« Tout texte n’est jamais que l’empreinte d’un autre » Jean-Luc Hennig
Depuis les origines de la littérature, les auteurs ont fait le constat que l’écriture est une réécriture. Que l’on lise L’Écclésiaste ou les Caractères de La Bruyère, la nouveauté semble illusoire, tout a déjà été écrit et l’homme ne fait que reprendre et réagencer les textes. On parle bien à ce titre de textes fondateurs (récits mythologiques et bibliques) pour évoquer ces pionniers des formes et des genres, pour rappeler en même temps qu’ils inaugurent une lignée littéraire. L’Humanisme et l’Âge classique vont d’ailleurs faire de l’imitation des textes antiques, modèles jugés indépassables, un préalable à la qualité des écrits. La querelle des Anciens et des Modernes au XVIIe siècle est l’une des manifestations de ce débat entre partisans de la fidélité aux précurseurs et d’une forme d’émancipation.
Ce dossier thématique examine le thème de la réécriture dans ses différents aspects: traduction, adaptation, modernisation, reprise de formes, de motifs, de styles, de mythes, fidélité et parodie, lecture et écriture, modernité et classicisme.
Dossier initialement publié dans le numéro 34 des Mots du Cercle, novembre-décembre-janvier 2007/2008.

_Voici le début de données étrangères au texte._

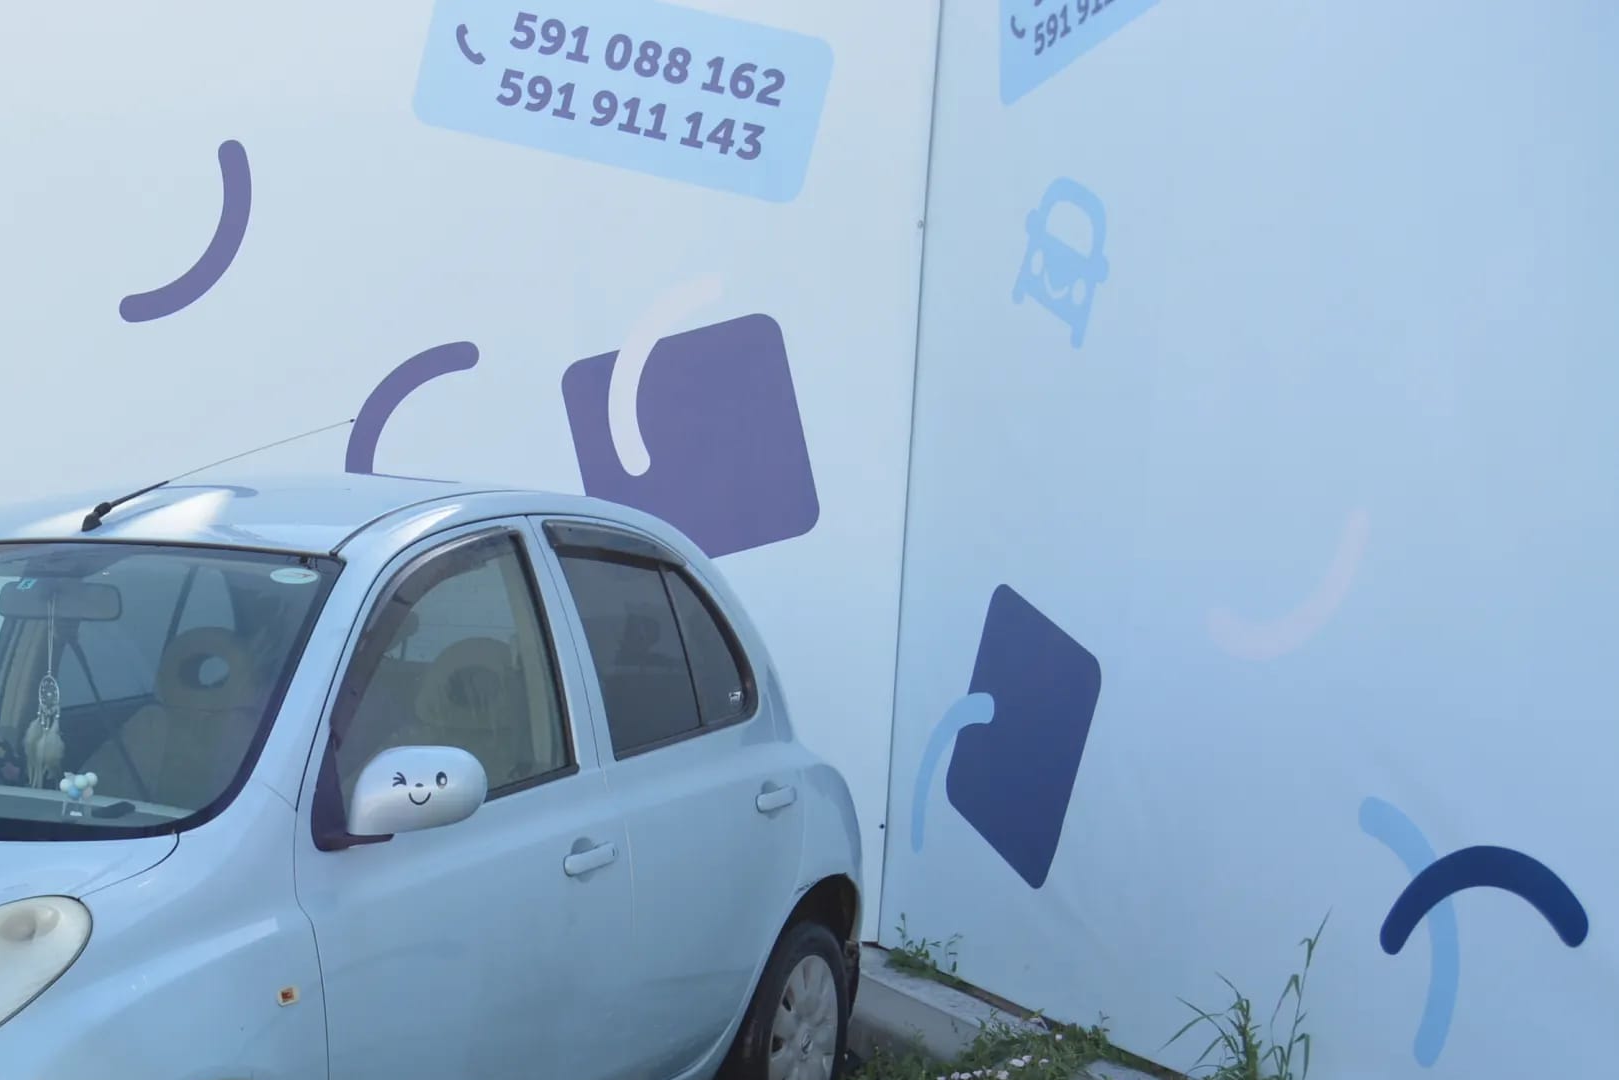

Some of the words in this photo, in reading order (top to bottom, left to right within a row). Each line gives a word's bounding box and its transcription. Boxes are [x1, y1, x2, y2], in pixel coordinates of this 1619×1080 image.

[509, 11, 590, 64] 591
[604, 33, 692, 84] 088
[700, 56, 786, 107] 162
[1034, 4, 1072, 56] 591
[495, 68, 576, 121] 591
[589, 90, 668, 141] 911
[679, 111, 766, 161] 143

Les modalités de ces réécritures demeurent néanmoins multiples. La transposition la plus fidèle d’un texte est à première vue sa traduction, versant heureux du plagiat, variation infime apparemment puisque simple passage du même dans une autre langue, un autre goût et une autre sensibilité, comme le firent Du Bellay avec les Tristes d’Ovide ou Apollinaire avec la « Loreley » du poète allemand Clemens Brentano. Le poète accompagne ainsi un texte dans sa langue, semblant substituer à sa part de création un choix, un regard, une lumière portée sur un texte antérieur, par ce qui pourrait être compris comme un geste de totale soumission à son modèle, presque comme un effacement de soi.

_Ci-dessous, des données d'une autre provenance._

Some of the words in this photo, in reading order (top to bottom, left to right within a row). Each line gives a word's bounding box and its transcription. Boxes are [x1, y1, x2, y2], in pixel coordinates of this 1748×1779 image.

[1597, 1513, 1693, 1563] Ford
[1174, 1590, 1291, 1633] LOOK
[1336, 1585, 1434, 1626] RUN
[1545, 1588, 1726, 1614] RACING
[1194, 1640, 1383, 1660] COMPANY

La prose n’est pas en reste, et on pourrait évoquer ici le travail de l’écrivain italien Alessandro Baricco, qui s’est réapproprié une traduction de L’Iliade d’Homère pour en faire un texte adapté à des lectures publiques, plus oral, plus théâtral donc, « allégeant » par petites touches le texte original, en particulier l’énonciation (les personnages disent Je) et en supprimant autant pour une question de rythme que de vraisemblance, l’intervention des Dieux. Au fond, toute réécriture est une adaptation à un lectorat dont le « traducteur » doit parfaitement connaître les attentes, une modernisation du texte : adaptation stylistique, mais aussi, nécessairement, réinterprétation par les regards neufs des contemporains. Le sens de l’œuvre originelle, tout comme sa lettre, se trouvent ainsi changés. Mais la réécriture n’est pas une simple remise au goût du jour : il reste toujours, grâce à l’écart temporel entre l’original et sa réécriture, la conscience du temps, la sensation de l’histoire littéraire.

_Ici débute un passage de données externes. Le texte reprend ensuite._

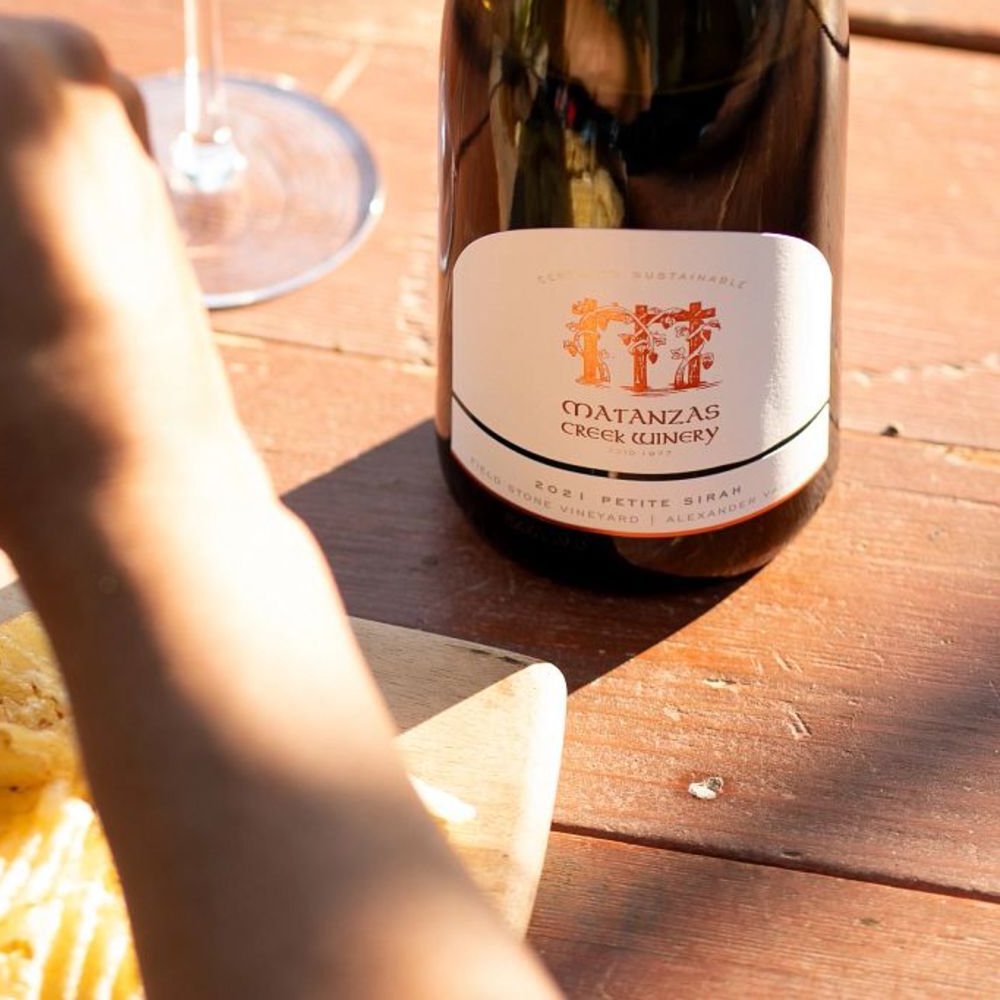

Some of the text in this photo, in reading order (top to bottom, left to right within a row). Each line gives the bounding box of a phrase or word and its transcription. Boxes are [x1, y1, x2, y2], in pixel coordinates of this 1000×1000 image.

[561, 399, 721, 425] MATANZAS
[560, 421, 720, 446] CREEK WINERY
[508, 485, 552, 508] STONE
[559, 505, 640, 524] VINEYARD
[665, 496, 756, 524] ALEXANDER
[534, 480, 584, 501] 2021
[601, 495, 671, 508] PETITE
[683, 485, 742, 506] SIRAH

Le principe même d’une réécriture littérale apparaît certes comme une limitation du rôle de l’écrivain, devenu simple passeur, mais elle est aussi paradoxalement un exercice de virtuosité, en particulier pour ce qui est du texte poétique, puisqu’il s’agit de faire épouser à un texte source une métrique et à une langue nouvelles. D’ailleurs, les formes fixes en poésie ne sont-elles pas aussi à ce titre une variété de réécriture ? Se contraindre à écrire un sonnet, c’est emprunter une forme médiévale et renaissante, pour reproduire son rythme et sa structure inaltérables. À l’opposé de ces traductions, reprises fidèles de la forme ou du fond, on rencontre l’infinie variété des réécritures plus libres, plus discrètes, se limitant à un emprunt ponctuel, une allusion, une citation, un motif. On peut sans doute voir dans le thème de la beauté cachée de Cyrano de Bergerac la réécriture d’un motif propre à de nombreux contes : La Belle et la Bête, Riquet à la houppe par exemple (« Il était une fois une reine qui accoucha d’un fils si laid et si mal fait qu’on douta longtemps s’il avait forme humaine. »), où la beauté est inversement proportionnelle à la sagesse.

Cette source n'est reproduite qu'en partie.